饲养室的热炕也是我们小孩玩耍的乐园,每到寒假,我们小孩子跟着大人们挤在饲养室的炕上凑热闹,调皮的孩子在炕上翻着跟头,有时不免手脚碰着大人们噙在嘴里的烟锅袋,弄得星火四溅,这时大人们就驱赶我们下炕。为了在热炕上拥有一席之地,每当此时,我们便会老老实实地坐在大人中间,可能是我们小孩子皮肤稚嫩,受不了长时间火炕的灼热,就找一砖块垫在屁股底下,有时就蜷缩在炕的边缘,听着大人们的谝闲话。

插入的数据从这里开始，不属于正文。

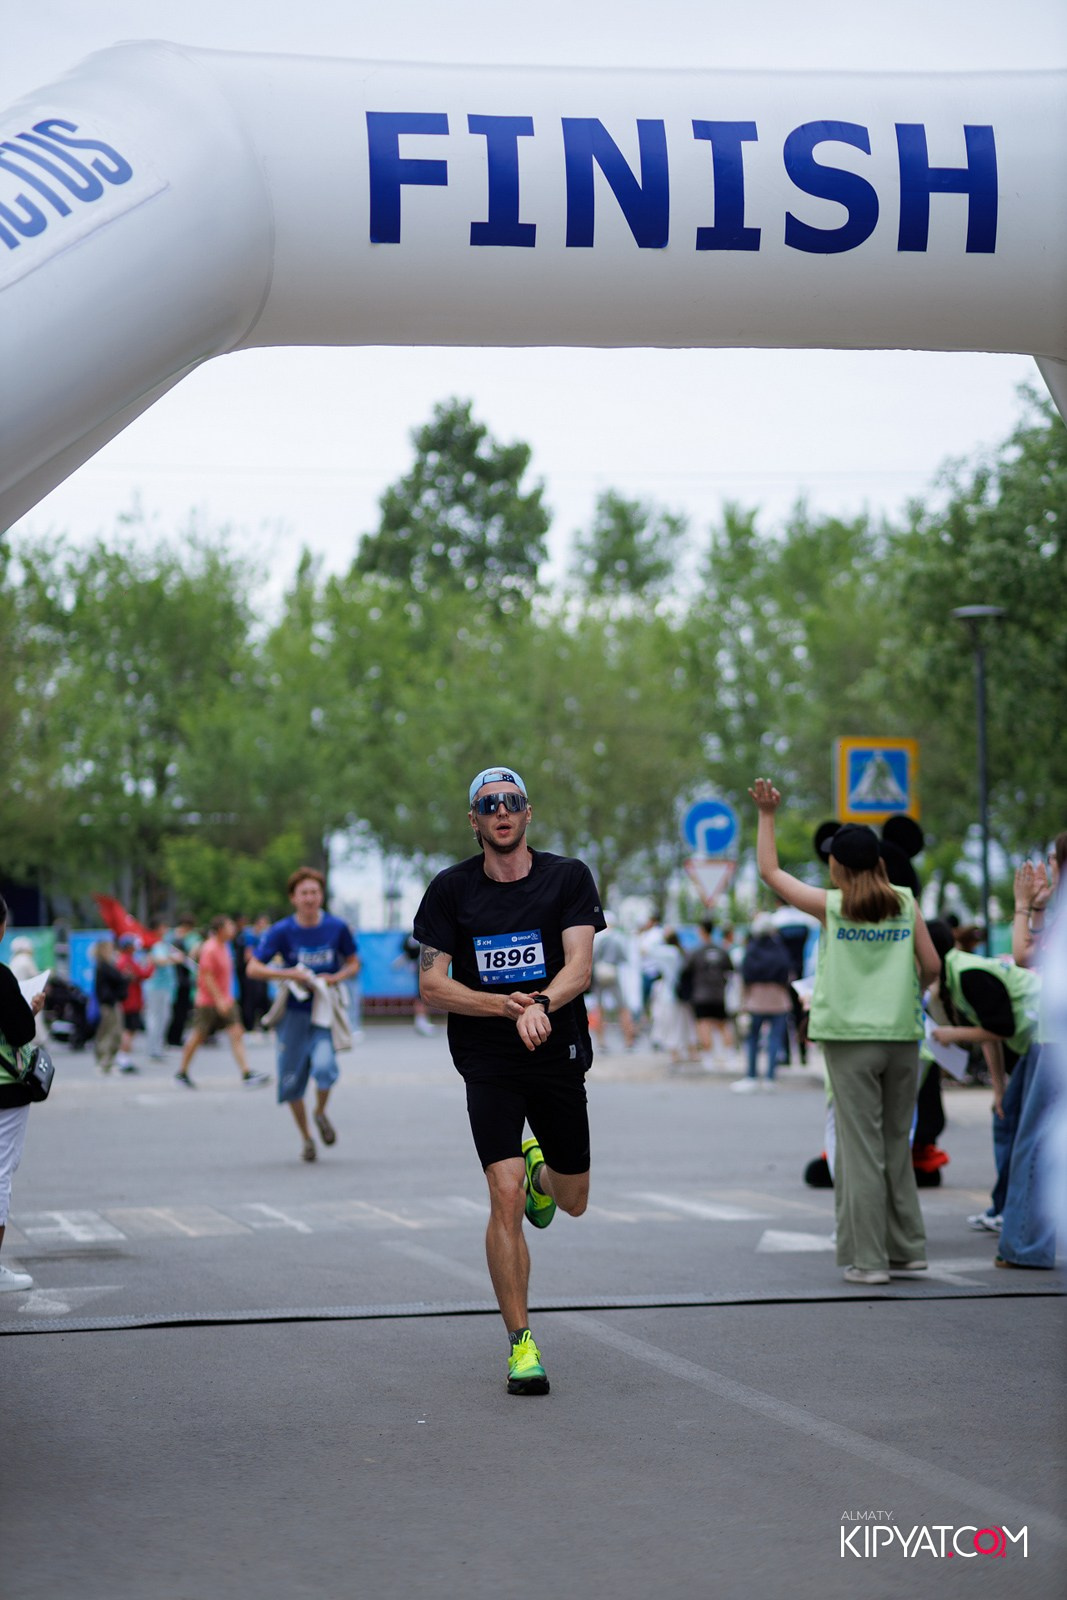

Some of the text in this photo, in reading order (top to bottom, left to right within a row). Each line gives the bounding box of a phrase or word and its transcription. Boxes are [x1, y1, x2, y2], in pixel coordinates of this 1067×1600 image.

[366, 111, 999, 254] FINISH
[837, 928, 910, 942] ВОЛОНТЕР
[484, 946, 536, 969] 1896

记得那时社员们还经常利用冬闲时在饲养室组织开会或学习。此时的土炕已堂而皇之地成了开会学习的主席台,生产队长表情严肃,坐在炕的中间,其他队干部围坐在队长旁边,队长拿着一张报纸,念给社员们听。队长戴着老花镜,借着油渍渍的马灯光亮,用方言土语念起来。社员们有的靠在牛槽上,有的依在马桩上,有的蹲在地上,姿势各异,有的甚至就地隆起篝火,一边围火取着暖,一边听着队长滔滔不绝地读报声,等队长读完了报纸宣布散会时,大家的兴致还意犹未尽。
往事如烟,饲养室的热炕头及一幕幕热闹的场景,至今还存留在我的记忆里,让我回味无穷。